しかも驚いたことが判明した。休憩室に着くまでに軽く本人からも事情を聴き、その後鈴木さんにも確認をとって分かったのだが、なんとこの大人の色気溢れる女性、私と同じライブオン所属のVTuberのようだったのだ。
一体誰なのか、その前に彼女の経歴を説明しよう。この方はどうやら前に漫画家さんをしていたらしいが、何年かけても全くうまくいかなかったらしい。なのでもうこれ以上は限界だと感じ、いざ就職しようと決意したらしいのだが、新人として迎えるには流石に年齢が高く、漫画一本の知識しかない彼女を採用してくれる会社は少なかった。
結局膨大な数の面接に落ち、終いには就活そのものに体が拒否反応を示し始めてしまった。

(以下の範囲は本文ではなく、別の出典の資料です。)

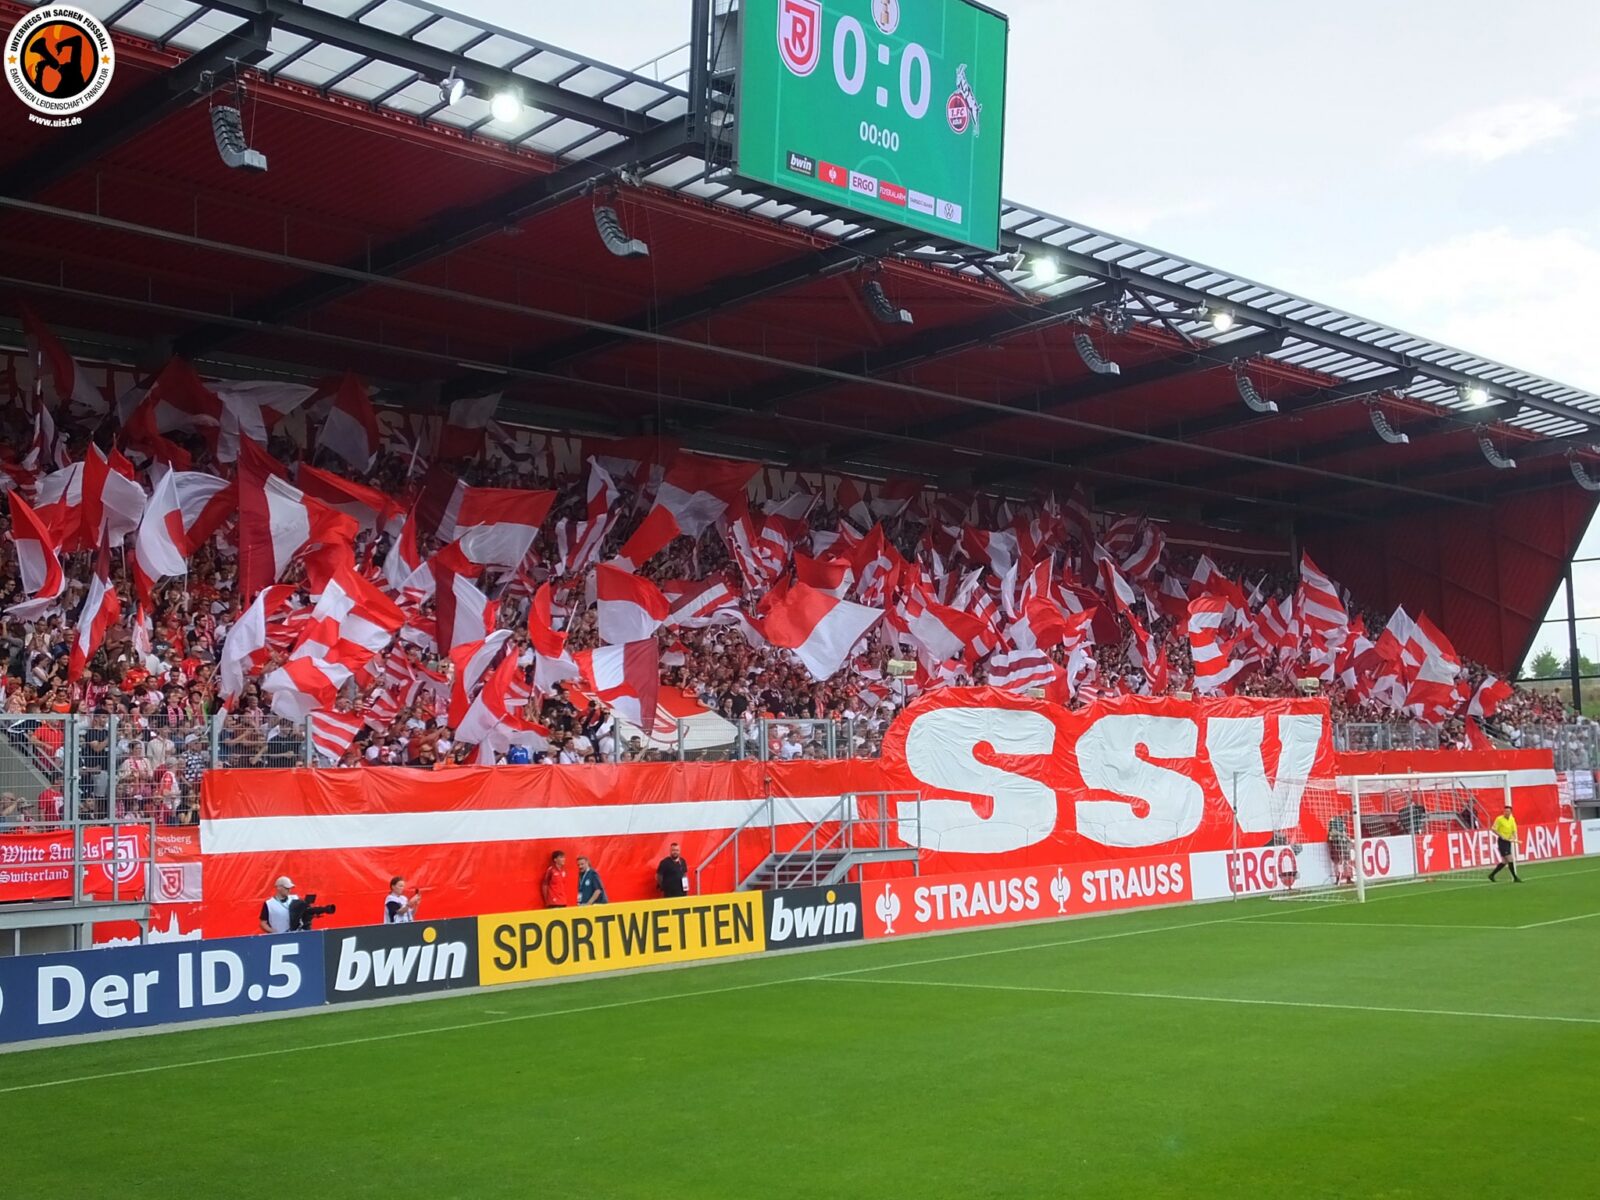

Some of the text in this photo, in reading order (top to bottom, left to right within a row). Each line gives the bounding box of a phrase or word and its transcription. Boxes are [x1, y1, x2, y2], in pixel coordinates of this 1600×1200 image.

[833, 15, 931, 119] 0:0
[859, 121, 899, 151] 00:00
[790, 153, 812, 171] bwin
[852, 176, 874, 192] ERGO
[897, 707, 1323, 853] SSV
[1, 842, 99, 865] White Anels
[1448, 825, 1562, 869] FLYERLARM
[0, 869, 69, 883] Switzerland
[1081, 862, 1185, 903] STRAUSS
[1226, 848, 1297, 893] ERGO
[770, 890, 857, 943] bwin
[914, 875, 1040, 923] STRAUSS
[335, 926, 468, 992] bwin
[493, 901, 755, 972] SPORTWETTEN
[38, 943, 301, 1025] Der ID.5

今日も私と同じ打ち合わせで訪れたのはいいが、事務所を見て就活のトラウマを思い出してしまい希望の花状態となってしまった、というのが事の顛末だ。
さて、もうこの時点で察しがついた方も多いだろう。
彼女は四期生で最も謎な人物『山谷還』その人だったのだ。
「マネージャーの鈴木さんから聞いてびっくりしました、VTuberの方だったんですね」
「はい。山谷還こと『東雲奏(しののめ かなで)』と申します。マネージャーさんがいるということはもしかして貴方も……」
「認知してくださってると嬉しいんですけど、心音淡雪こと田中雪と申します」
「!? し、知らないわけないです! 私ったら憧れの大先輩になんて情けない姿を……」
「いえ、私はそんな大それたものじゃないですよ」
「何言ってるんですか! 淡雪先輩と言ったらVTuberで最も名の挙がる一人じゃないですか! 雲の上の存在と今話してると思うと……心拍数が大変なことになってきました……」
「そ、そうかな? えへ、えへへへへへへ」
知り合いが少ないのもあってそういった話をあまり耳にしてこなかったからはっきり言おう、今の私デレデレである。

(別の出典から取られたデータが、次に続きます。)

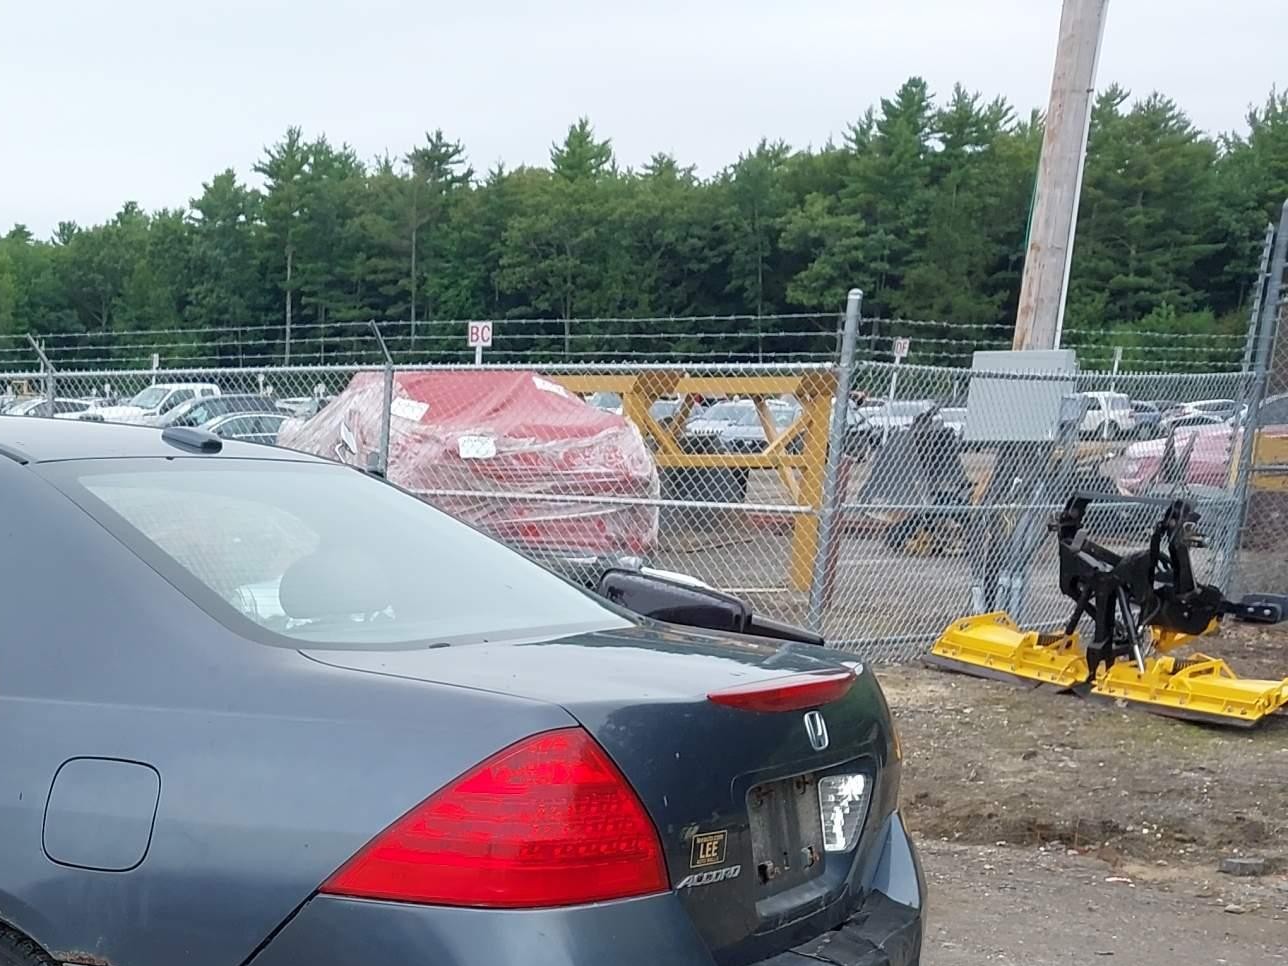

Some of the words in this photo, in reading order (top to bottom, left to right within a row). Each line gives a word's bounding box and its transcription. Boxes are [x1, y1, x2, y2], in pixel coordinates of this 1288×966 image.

[470, 324, 491, 343] BC
[699, 841, 719, 858] LEE
[676, 864, 742, 890] ACCORD

明らかに自分より年上の方からこんなことを言われるなんてちょっと不思議な気分だが、嬉しいものは嬉しいのである! 慕ってくれる後輩最高!
「先輩なので敬語も大丈夫ですよ」
「ほんと? 私年下だよ?」
「年なんてただの数字です。それにそっちの方が還も嬉しいです」
「お、自分のこと還呼びってことは配信者スイッチ入った?」
「ふふっ、コラボ気分を味わいたいんです」
嬉しそうにそう語る姿は年上にふさわしい言葉なのか分からないが非常にかわいらしいものだった。
「事務所に来るのは初めてだったの?」
「はい。私の場合面接も特殊だったので……」
「特殊?」
「書類審査の段階で還の事情を知ってくれていた運営さんが、リモートかつ還と同年代の方が友達みたいにフランクな感じで面接するようにしてくれたんです」
「柔軟ですなぁ」
「ホントですよね。そんな会社なので今日も大丈夫だと思ってたんですけど……もう慣れたので次回からは大丈夫だと思います……」
「ううん気にしないで、私もちょっと境遇が似てる部分もあるから分かるよ」
その後は同業者ということで話も弾み始め、還ちゃんがどういう人なのかも少しずつ分かってきた。
「どうしてVTuberになろうと思ったの?」
「赤ちゃんになれるかと思いまして」
「え゛」
演技なのかなとも思っていたが、あれは本心だったのか……
「漫画も主人公が赤ちゃんなやつばかり描いて自己投影してました。登場人物が全員赤ちゃんの漫画を描いた時もありましたね」
「それが問題だったんじゃ……」
「でも今は自称赤ちゃんのやべーやつとか就職絶対拒否女とか言われてるみたいですけどね、ははは!」
「あぁなるほど……でも大丈夫なのそれ? トラウマなんでしょ」
「いえ、還が拒否反応を示す=笑いがとれる=還の人気が上がる=就職が遠ざかるに繋がるのでむしろありがたいですね。どんどんいじってほしいです」
「就職しないための根性がすごい」
「文字通り人生かけてVTuberやるつもりなので」
なるほど、きっと還ちゃんは変わり者ではあるけどすごく真剣に何かに向き合える人なんだな。
「それならコラボとかはしないの?」
これは私がすごく気になっていたことだ。なんと還ちゃんは今まで先輩はおろか同期とすら一度もコラボしたことがないのだ。
「コラボはしたくない?」
「いや、すごくしたいのは山々なんですけど……私ってすごい変わり者じゃないですか? コラボ相手に面倒をかけてしまわないか心配で」
少し寂しそうな表情でそう語る還ちゃん。
「それなら一切心配いらないよ!」
そんな彼女に向かい、私は言い切った。
「そもそもライブオンはそんなヤワな人じゃ受からない。還ちゃんが憧れって言ったのは酒飲んでキャラ崩壊して下ネタ叫んでの私なんだよ? 還ちゃんのことも皆受け止めて盛り上げてくれるよ!」
「そう……なんですかね?」
「まだ不安ならその証明に私ことシュワちゃんが最初のコラボになってやんよ!」
「ほ、ほんとです!?」
「うん! ライブオンがどれだけやべーけどあったけぇところか身をもって教えてあげる! そして更に人気になって今まで還ちゃんの才能に気づけなかったやつらを見返してやろう!」
……なんか熱くなりすぎて先輩風吹かせ過ぎの痛いやつみたいになっちゃったかもしれない……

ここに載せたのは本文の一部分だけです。